Cdr Spindler said a provisional search of Scotland Yard's records could not find any record of any previous investigation into Savile, and they were only aware of the previous involvement of Surrey Police.

The aim of the investigation is to produce a final joint report with the NSPCC, looking at the lessons learned and sharing the findings with other relevant agencies, he said. Police hope to produce the report by the end of next month.

Peter Liver, of the NSPCC, said the charity had had 17 calls to its helpline directly related to the allegations.

BBC home editor Mark Easton said the inquiry had the capacity to expand quite considerably.

He said there was something specific about the 1960s and 1970s, in which sexual liberation collided with traditional male-dominated power structures, and powerful men took advantage of the situation.

'Comprehensive examination'

Meanwhile, it emerged that Savile's headstone, which was erected in Scarborough on 20 September and bears the epitaph "it was good while it lasted", is to be removed on Wednesday.

A bottle was thrown at it last week but it was not damaged, North Yorkshire Police said.

"The family members are deeply aware of the impact that the stone remaining there could have on the dignity and sanctity of the cemetery," Savile's family said in a statement.

"Out of respect to public opinion, to those who are buried there, and to those who tend their graves and visit there, we have decided to remove it."

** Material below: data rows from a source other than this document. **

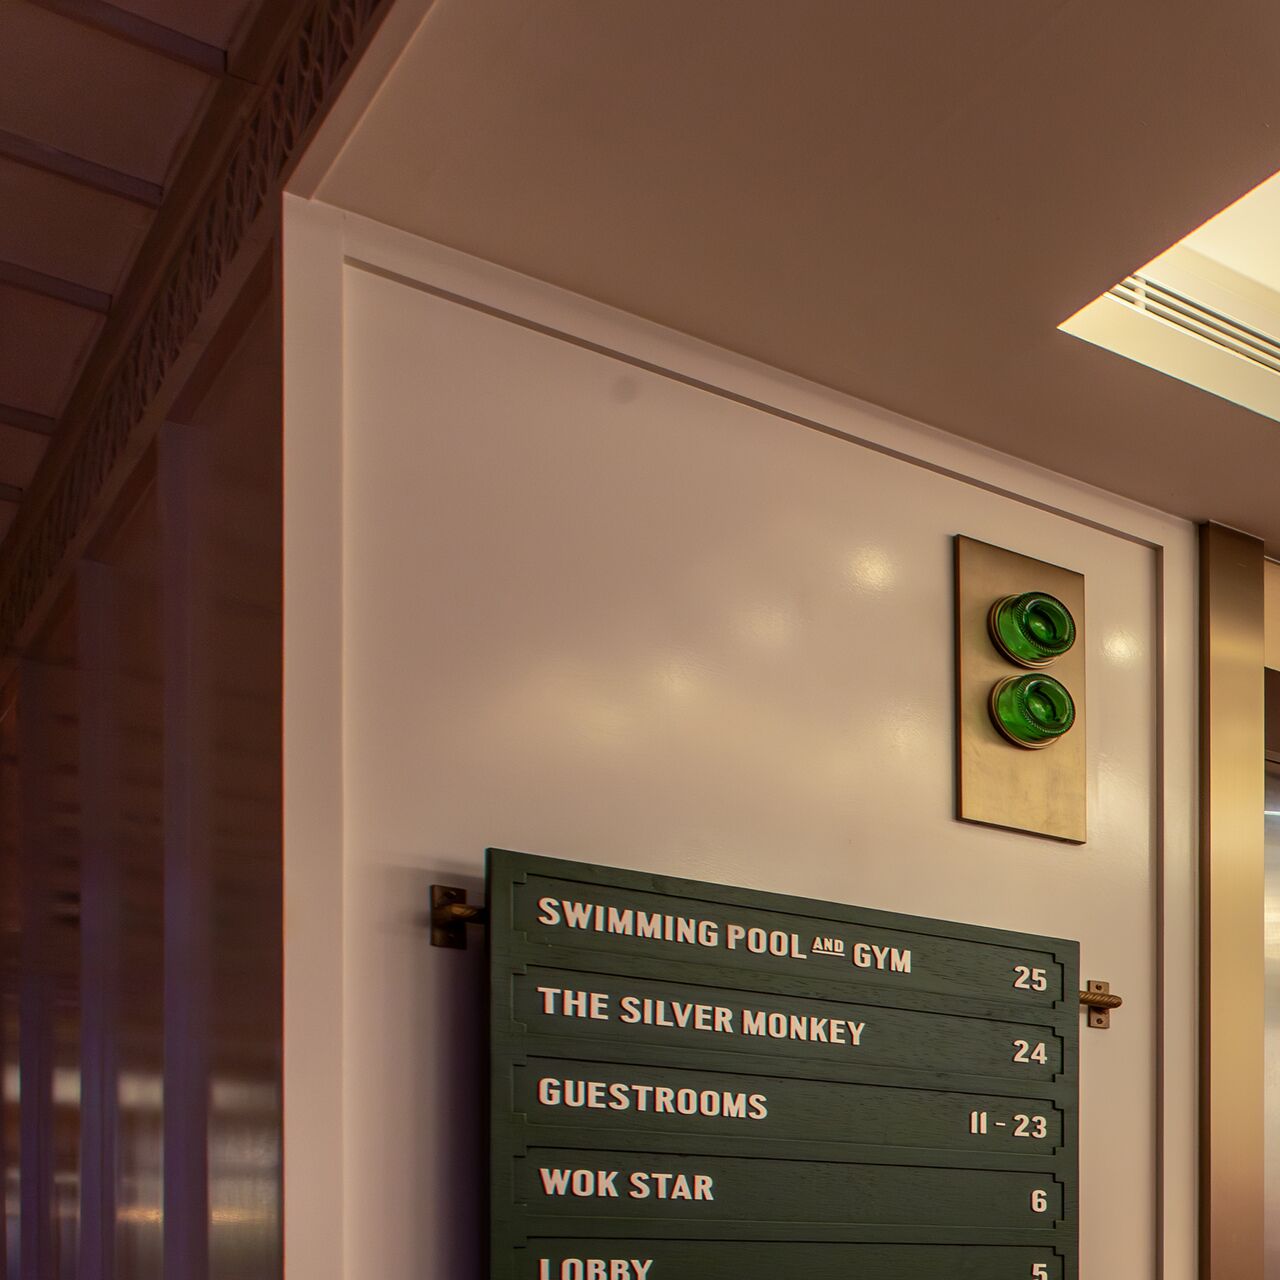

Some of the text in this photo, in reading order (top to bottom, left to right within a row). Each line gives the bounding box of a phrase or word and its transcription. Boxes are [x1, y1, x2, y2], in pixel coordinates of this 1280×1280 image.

[537, 897, 1049, 992] SWIMMING POOL AND GYM 25
[537, 986, 1049, 1065] THE SILVER MONKEY 24
[538, 1077, 769, 1120] GUESTROOMS
[1013, 1114, 1049, 1139] 23
[540, 1168, 1048, 1213] WOK STAR 6
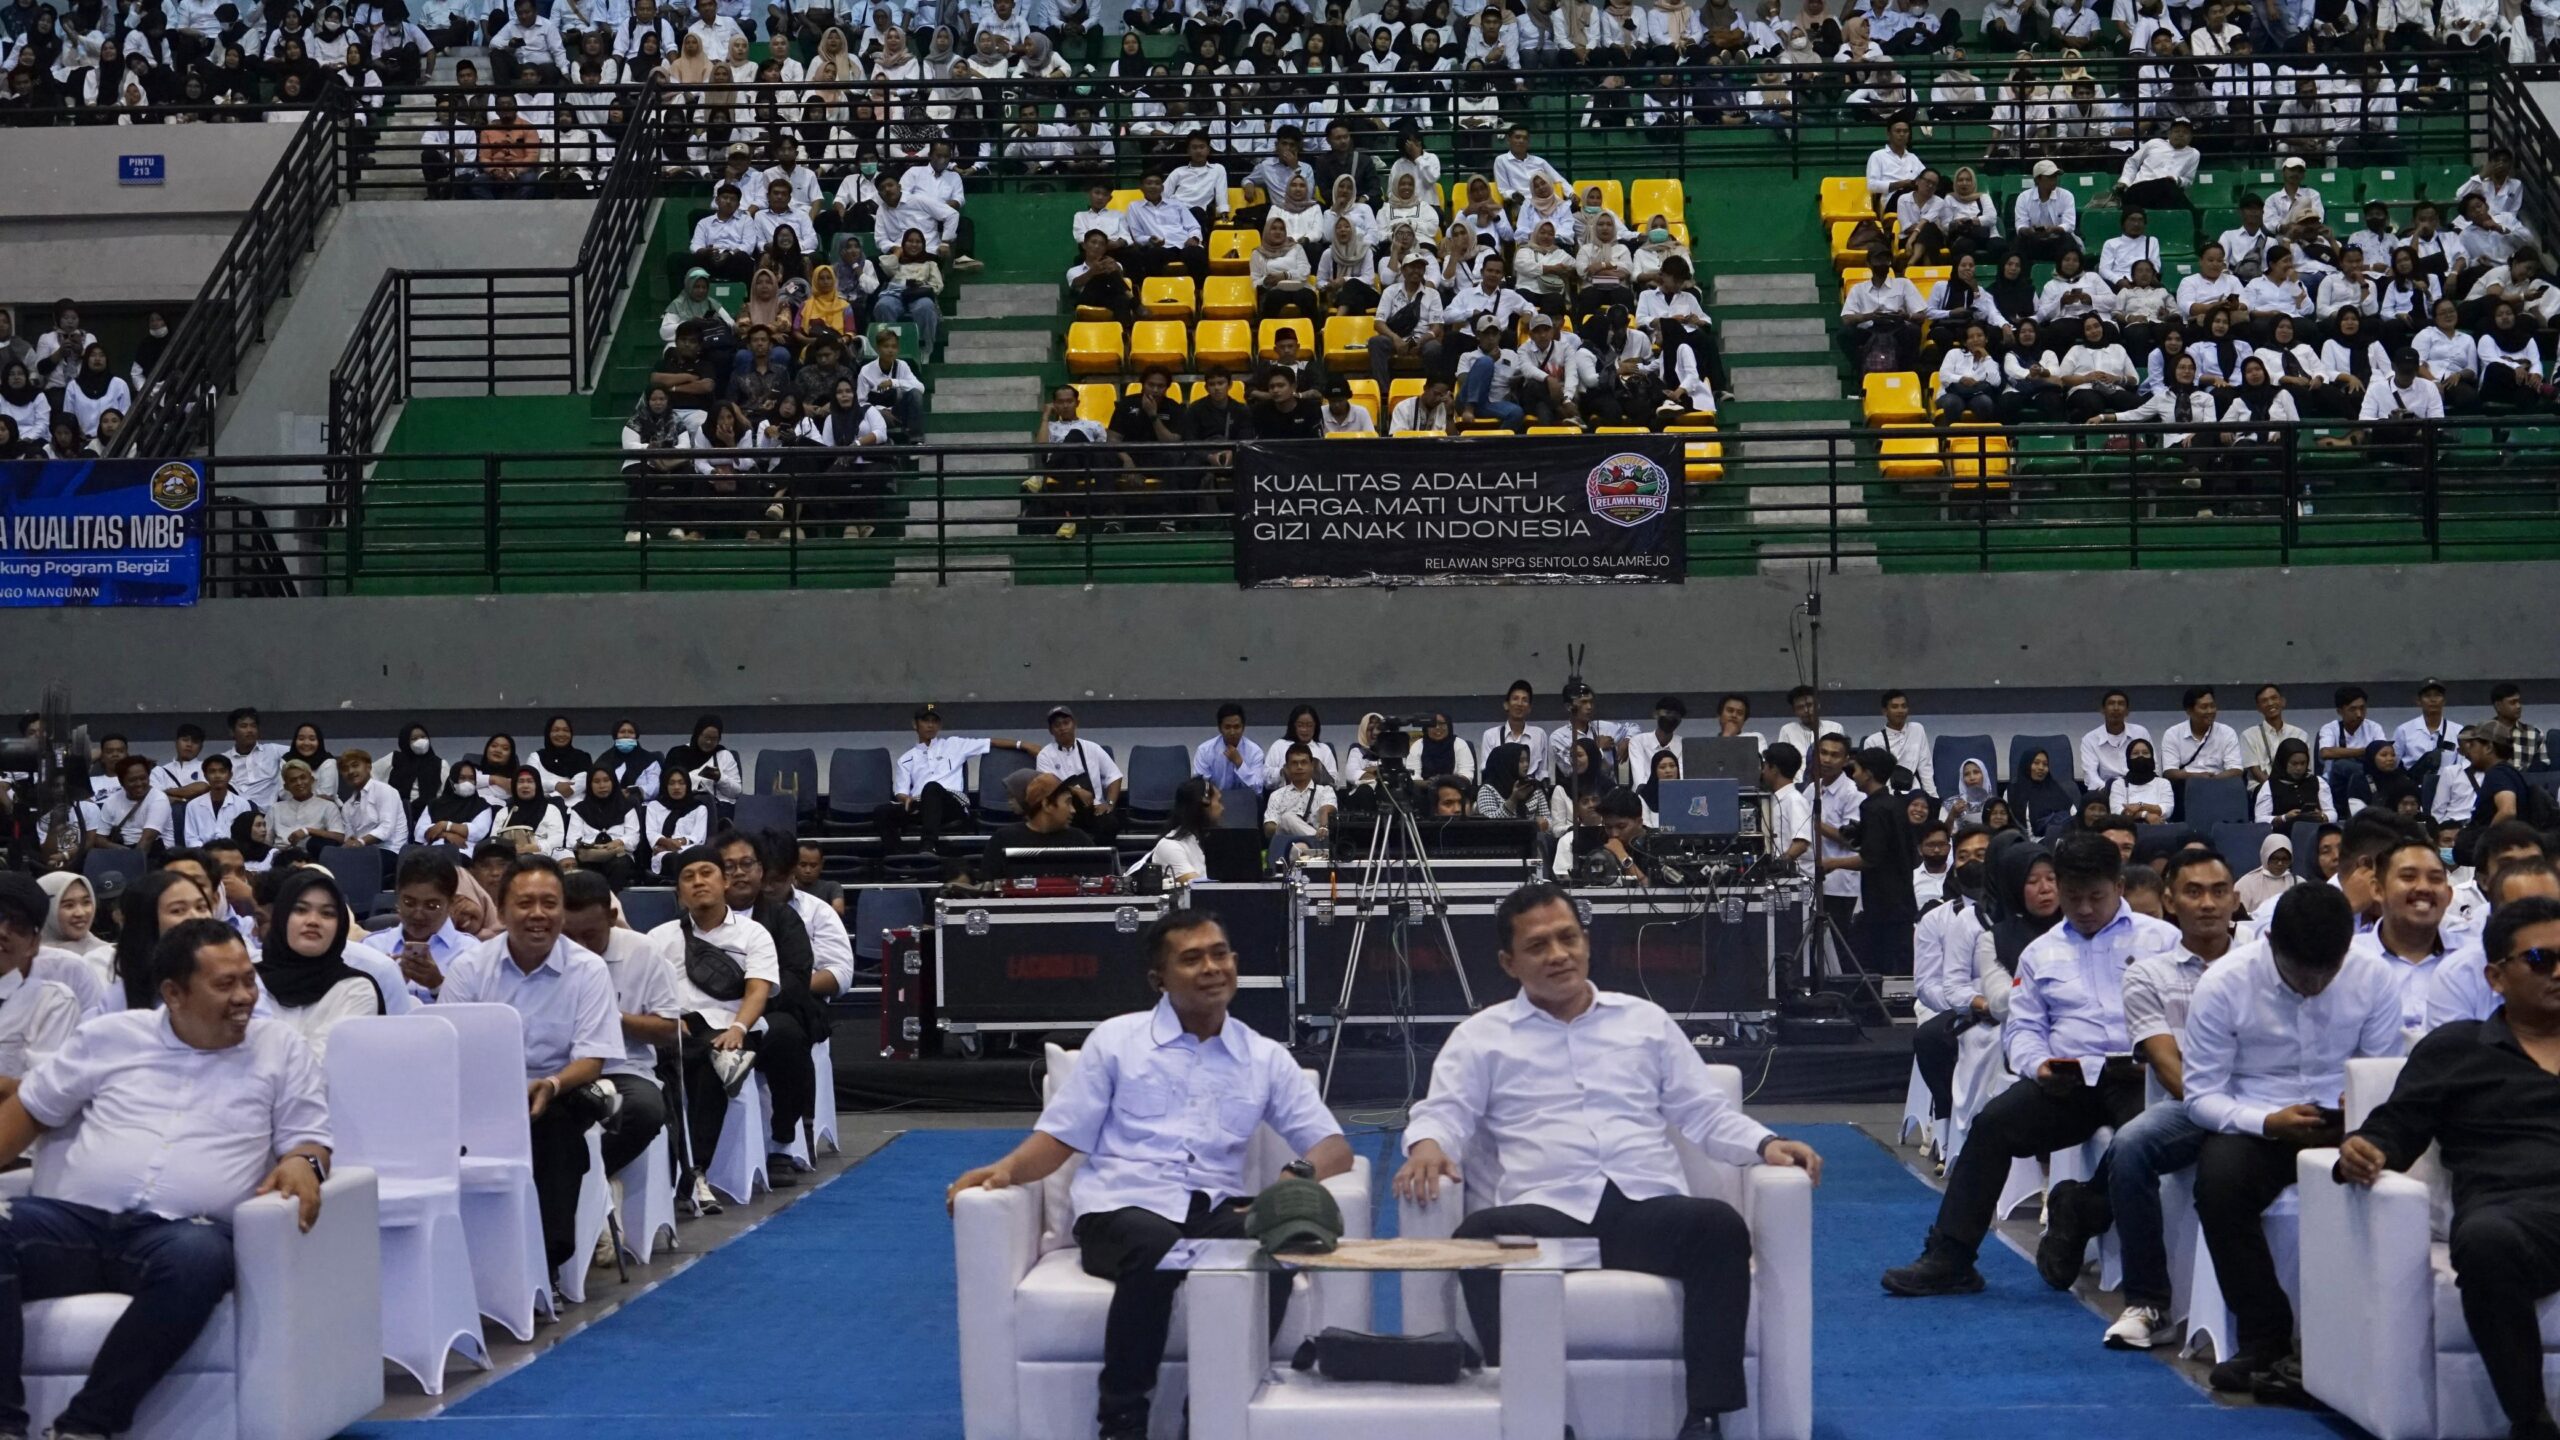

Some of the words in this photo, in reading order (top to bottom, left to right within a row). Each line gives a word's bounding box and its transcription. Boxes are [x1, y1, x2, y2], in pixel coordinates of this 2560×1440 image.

[129, 158, 154, 166] PINTU
[134, 167, 150, 176] 213
[1254, 473, 1401, 492] KUALITAS
[1411, 472, 1537, 490] ADALAH
[1254, 498, 1364, 516] HARGA
[1375, 497, 1445, 515] MATI
[1458, 495, 1566, 514] UNTUK
[1596, 497, 1636, 508] RELAWAN
[1637, 497, 1660, 507] MBG
[14, 515, 123, 550] KUALITAS
[130, 514, 184, 549] MBG
[1253, 522, 1310, 541] GIZI
[1321, 521, 1406, 540] ANAK
[1417, 519, 1591, 539] INDONESIA
[0, 561, 41, 577] kung
[45, 561, 113, 577] Program
[117, 559, 170, 575] Bergizi
[1425, 557, 1488, 569] RELAWAN
[1491, 556, 1526, 568] SPPG
[1528, 556, 1589, 568] SENTOLO
[1592, 555, 1670, 567] SALAMREJO
[27, 587, 100, 598] MANGUNAN
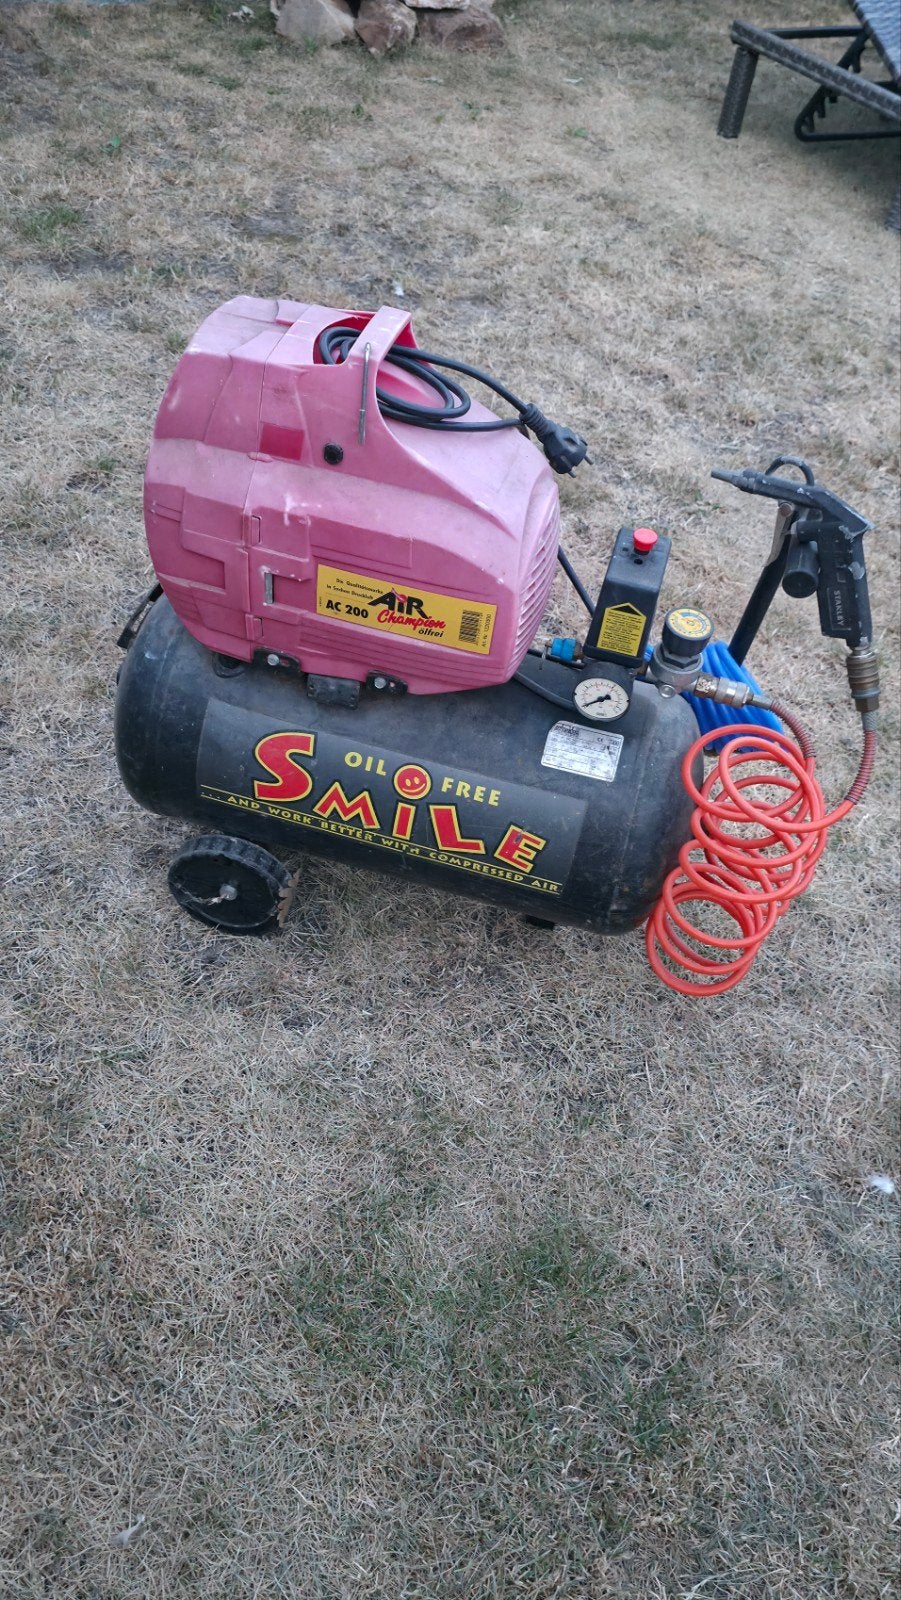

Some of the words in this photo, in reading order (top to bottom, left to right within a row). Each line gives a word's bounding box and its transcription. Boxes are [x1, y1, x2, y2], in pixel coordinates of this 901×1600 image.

[325, 599, 342, 612] AC
[345, 604, 369, 619] 200
[377, 609, 446, 630] Champion
[833, 590, 845, 626] STANLEY
[418, 627, 445, 638] ölfrei
[344, 751, 387, 776] OIL
[441, 776, 501, 807] FREE
[226, 795, 261, 810] AND
[268, 805, 312, 825] WORK
[320, 819, 373, 842] BETTER
[380, 837, 421, 855] WITH
[429, 851, 524, 882] COMPRESSED
[531, 879, 559, 892] AIR

On Monday, BBC Trust chairman Lord Patten said the corporation must "command credibility" in how it dealt with the allegations.

Earlier on Monday, BBC director general George Entwistle promised a "comprehensive examination" of allegations that Savile abused girls while working for the corporation.

Savile died in October 2011, at the age of 84.

The face of Top of the Pops in the 1960s, he hosted TV favourite Jim'll Fix It on BBC One in the 1970s and 1980s and was knighted in 1990 for his charity work.

But recently allegations have spread about serious sexual assaults on under-age girls at the height of his fame.

Some of the allegations - publicised in an ITV documentary - refer to incidents on BBC premises.